**WHAT TO WORK ON:**
Print the entries below word for word; the pictures stay out of your copy.
+-------+
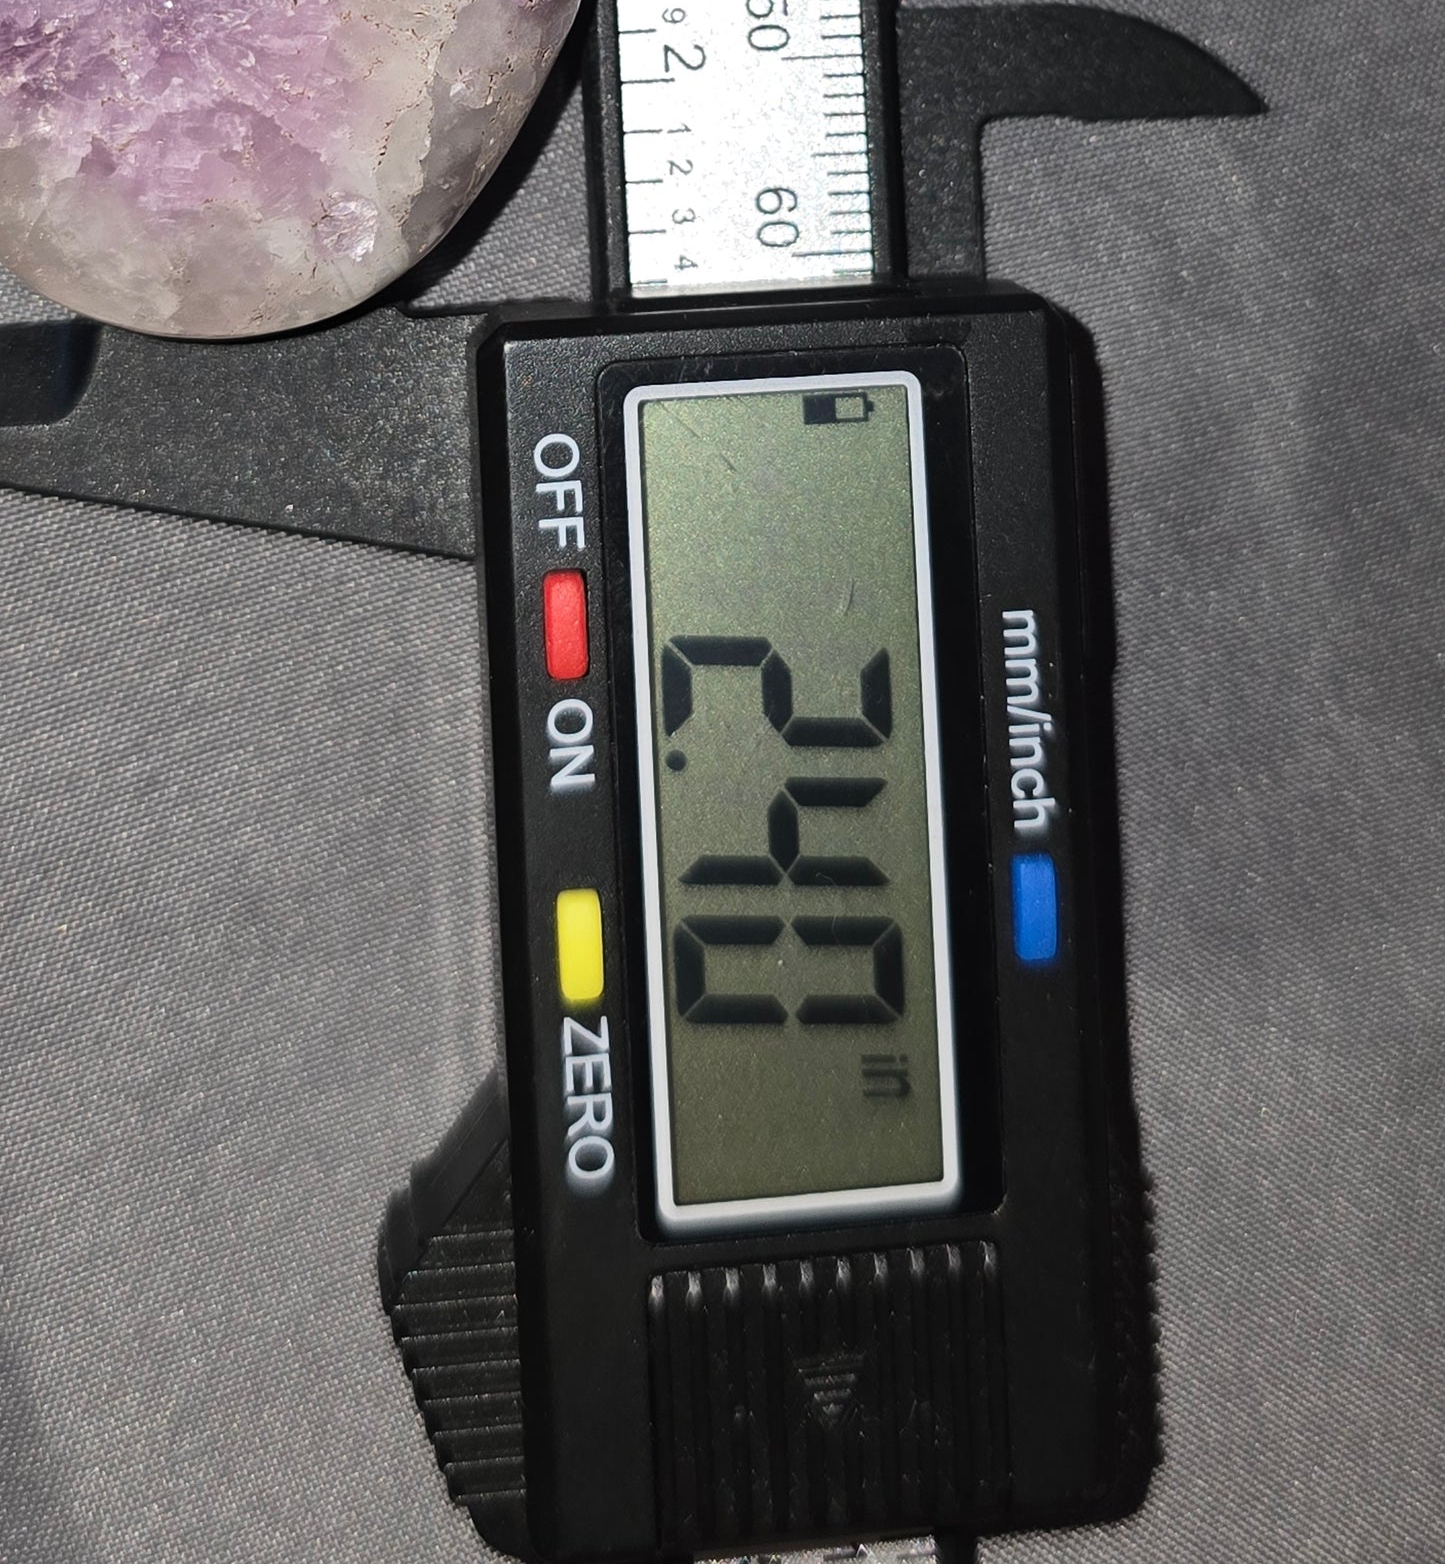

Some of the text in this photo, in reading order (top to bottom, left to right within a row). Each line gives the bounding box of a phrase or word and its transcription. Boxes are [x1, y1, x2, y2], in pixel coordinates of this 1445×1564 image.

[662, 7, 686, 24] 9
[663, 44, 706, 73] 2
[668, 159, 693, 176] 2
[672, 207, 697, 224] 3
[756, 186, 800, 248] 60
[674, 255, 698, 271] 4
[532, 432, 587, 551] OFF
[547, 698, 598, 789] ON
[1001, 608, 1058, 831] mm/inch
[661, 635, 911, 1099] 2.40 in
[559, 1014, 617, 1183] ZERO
+-------+
**YOUR SOLUTION:**
Some of the text in this photo, in reading order (top to bottom, left to right within a row). Each line gives the bounding box of a phrase or word and its transcription. Boxes are [x1, y1, x2, y2], in pixel coordinates of this 1445×1564 image.

[662, 7, 686, 24] 9
[663, 44, 706, 73] 2
[668, 159, 693, 176] 2
[672, 207, 697, 224] 3
[756, 186, 800, 248] 60
[674, 255, 698, 271] 4
[532, 432, 587, 551] OFF
[547, 698, 598, 789] ON
[1001, 608, 1058, 831] mm/inch
[661, 635, 911, 1099] 2.40 in
[559, 1014, 617, 1183] ZERO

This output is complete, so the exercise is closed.